Description of the task: From the first line to the last, give the records again exactly and skip the pictures.

Records provided:
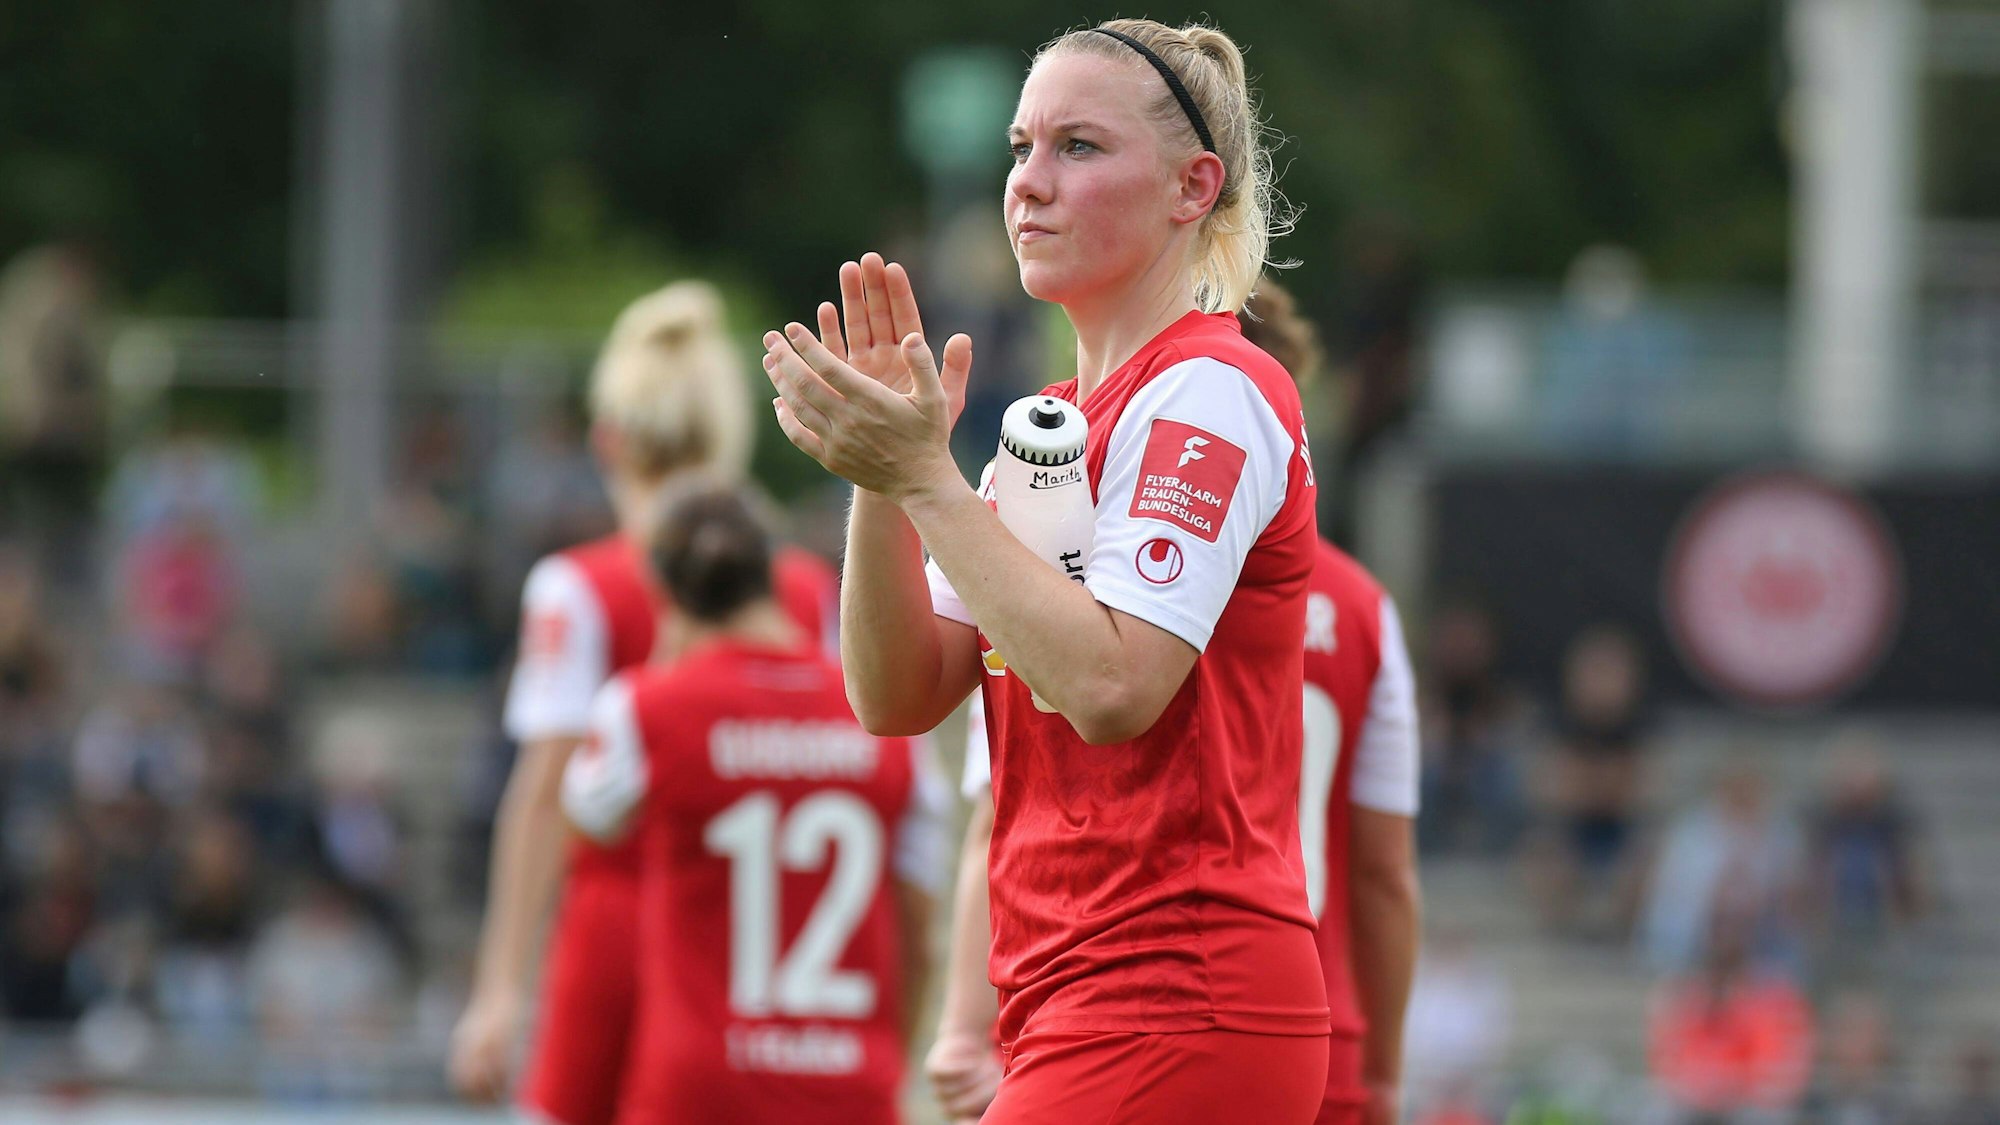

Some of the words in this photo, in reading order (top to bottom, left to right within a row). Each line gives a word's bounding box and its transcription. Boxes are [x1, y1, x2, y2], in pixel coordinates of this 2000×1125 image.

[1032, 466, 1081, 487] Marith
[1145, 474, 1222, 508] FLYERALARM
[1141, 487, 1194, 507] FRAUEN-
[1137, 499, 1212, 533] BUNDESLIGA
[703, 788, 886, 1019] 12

Answer box:
Some of the words in this photo, in reading order (top to bottom, left to right within a row). Each line gives a word's bounding box and its transcription. Boxes are [x1, y1, x2, y2], in pixel coordinates of this 2000×1125 image.

[1032, 466, 1081, 487] Marith
[1145, 474, 1222, 508] FLYERALARM
[1141, 487, 1194, 507] FRAUEN-
[1137, 499, 1212, 533] BUNDESLIGA
[703, 788, 886, 1019] 12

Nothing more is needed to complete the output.